| MATERIAL FOR THIS EXERCISE |
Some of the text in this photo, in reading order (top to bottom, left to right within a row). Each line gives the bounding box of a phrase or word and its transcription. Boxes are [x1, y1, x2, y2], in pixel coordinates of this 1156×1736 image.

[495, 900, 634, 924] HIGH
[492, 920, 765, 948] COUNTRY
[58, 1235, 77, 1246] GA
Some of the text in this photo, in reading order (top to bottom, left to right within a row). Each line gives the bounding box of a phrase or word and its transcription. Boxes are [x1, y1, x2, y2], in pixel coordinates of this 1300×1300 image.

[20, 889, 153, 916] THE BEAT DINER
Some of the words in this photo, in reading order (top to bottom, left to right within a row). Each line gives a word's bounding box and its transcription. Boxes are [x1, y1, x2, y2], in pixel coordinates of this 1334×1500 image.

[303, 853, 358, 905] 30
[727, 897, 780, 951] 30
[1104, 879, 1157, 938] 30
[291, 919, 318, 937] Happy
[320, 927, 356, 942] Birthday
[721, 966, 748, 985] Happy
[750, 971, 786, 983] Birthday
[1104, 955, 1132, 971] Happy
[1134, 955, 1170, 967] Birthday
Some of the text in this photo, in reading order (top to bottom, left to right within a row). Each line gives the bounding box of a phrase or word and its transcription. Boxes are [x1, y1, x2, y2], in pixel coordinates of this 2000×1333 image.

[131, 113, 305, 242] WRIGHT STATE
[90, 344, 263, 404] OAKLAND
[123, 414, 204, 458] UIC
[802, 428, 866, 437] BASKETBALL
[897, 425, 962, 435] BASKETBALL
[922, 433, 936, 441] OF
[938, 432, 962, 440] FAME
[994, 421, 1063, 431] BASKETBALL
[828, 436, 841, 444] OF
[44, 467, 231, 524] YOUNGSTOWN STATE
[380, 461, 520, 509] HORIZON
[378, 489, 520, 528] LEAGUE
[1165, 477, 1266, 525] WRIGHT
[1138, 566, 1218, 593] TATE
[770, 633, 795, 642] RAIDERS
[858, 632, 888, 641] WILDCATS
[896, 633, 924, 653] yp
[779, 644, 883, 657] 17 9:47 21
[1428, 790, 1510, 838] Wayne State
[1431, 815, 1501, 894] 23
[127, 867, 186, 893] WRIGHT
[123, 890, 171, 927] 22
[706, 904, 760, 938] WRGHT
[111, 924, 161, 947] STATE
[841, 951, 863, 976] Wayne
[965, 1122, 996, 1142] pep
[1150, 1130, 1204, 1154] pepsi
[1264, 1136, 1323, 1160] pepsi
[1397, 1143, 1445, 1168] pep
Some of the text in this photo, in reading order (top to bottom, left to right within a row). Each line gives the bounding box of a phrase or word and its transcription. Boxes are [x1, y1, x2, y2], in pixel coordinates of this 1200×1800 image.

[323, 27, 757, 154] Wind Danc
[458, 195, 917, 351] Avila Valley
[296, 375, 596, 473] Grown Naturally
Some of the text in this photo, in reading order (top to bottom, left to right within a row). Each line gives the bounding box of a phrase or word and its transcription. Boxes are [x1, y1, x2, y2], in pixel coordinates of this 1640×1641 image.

| WORK INSTRUCTION |
Make an exact transcription of the entries above.

| RESULT OF THE TASK |
Some of the text in this photo, in reading order (top to bottom, left to right within a row). Each line gives the bounding box of a phrase or word and its transcription. Boxes are [x1, y1, x2, y2], in pixel coordinates of this 1156×1736 image.

[495, 900, 634, 924] HIGH
[492, 920, 765, 948] COUNTRY
[58, 1235, 77, 1246] GA
Some of the text in this photo, in reading order (top to bottom, left to right within a row). Each line gives the bounding box of a phrase or word and its transcription. Boxes are [x1, y1, x2, y2], in pixel coordinates of this 1300×1300 image.

[20, 889, 153, 916] THE BEAT DINER
Some of the words in this photo, in reading order (top to bottom, left to right within a row). Each line gives a word's bounding box and its transcription. Boxes are [x1, y1, x2, y2], in pixel coordinates of this 1334×1500 image.

[303, 853, 358, 905] 30
[727, 897, 780, 951] 30
[1104, 879, 1157, 938] 30
[291, 919, 318, 937] Happy
[320, 927, 356, 942] Birthday
[721, 966, 748, 985] Happy
[750, 971, 786, 983] Birthday
[1104, 955, 1132, 971] Happy
[1134, 955, 1170, 967] Birthday
Some of the text in this photo, in reading order (top to bottom, left to right within a row). Each line gives the bounding box of a phrase or word and its transcription. Boxes are [x1, y1, x2, y2], in pixel coordinates of this 2000×1333 image.

[131, 113, 305, 242] WRIGHT STATE
[90, 344, 263, 404] OAKLAND
[123, 414, 204, 458] UIC
[802, 428, 866, 437] BASKETBALL
[897, 425, 962, 435] BASKETBALL
[922, 433, 936, 441] OF
[938, 432, 962, 440] FAME
[994, 421, 1063, 431] BASKETBALL
[828, 436, 841, 444] OF
[44, 467, 231, 524] YOUNGSTOWN STATE
[380, 461, 520, 509] HORIZON
[378, 489, 520, 528] LEAGUE
[1165, 477, 1266, 525] WRIGHT
[1138, 566, 1218, 593] TATE
[770, 633, 795, 642] RAIDERS
[858, 632, 888, 641] WILDCATS
[896, 633, 924, 653] yp
[779, 644, 883, 657] 17 9:47 21
[1428, 790, 1510, 838] Wayne State
[1431, 815, 1501, 894] 23
[127, 867, 186, 893] WRIGHT
[123, 890, 171, 927] 22
[706, 904, 760, 938] WRGHT
[111, 924, 161, 947] STATE
[841, 951, 863, 976] Wayne
[965, 1122, 996, 1142] pep
[1150, 1130, 1204, 1154] pepsi
[1264, 1136, 1323, 1160] pepsi
[1397, 1143, 1445, 1168] pep
Some of the text in this photo, in reading order (top to bottom, left to right within a row). Each line gives the bounding box of a phrase or word and its transcription. Boxes are [x1, y1, x2, y2], in pixel coordinates of this 1200×1800 image.

[323, 27, 757, 154] Wind Danc
[458, 195, 917, 351] Avila Valley
[296, 375, 596, 473] Grown Naturally
Some of the text in this photo, in reading order (top to bottom, left to right within a row). Each line gives the bounding box of a phrase or word and its transcription. Boxes are [x1, y1, x2, y2], in pixel coordinates of this 1640×1641 image.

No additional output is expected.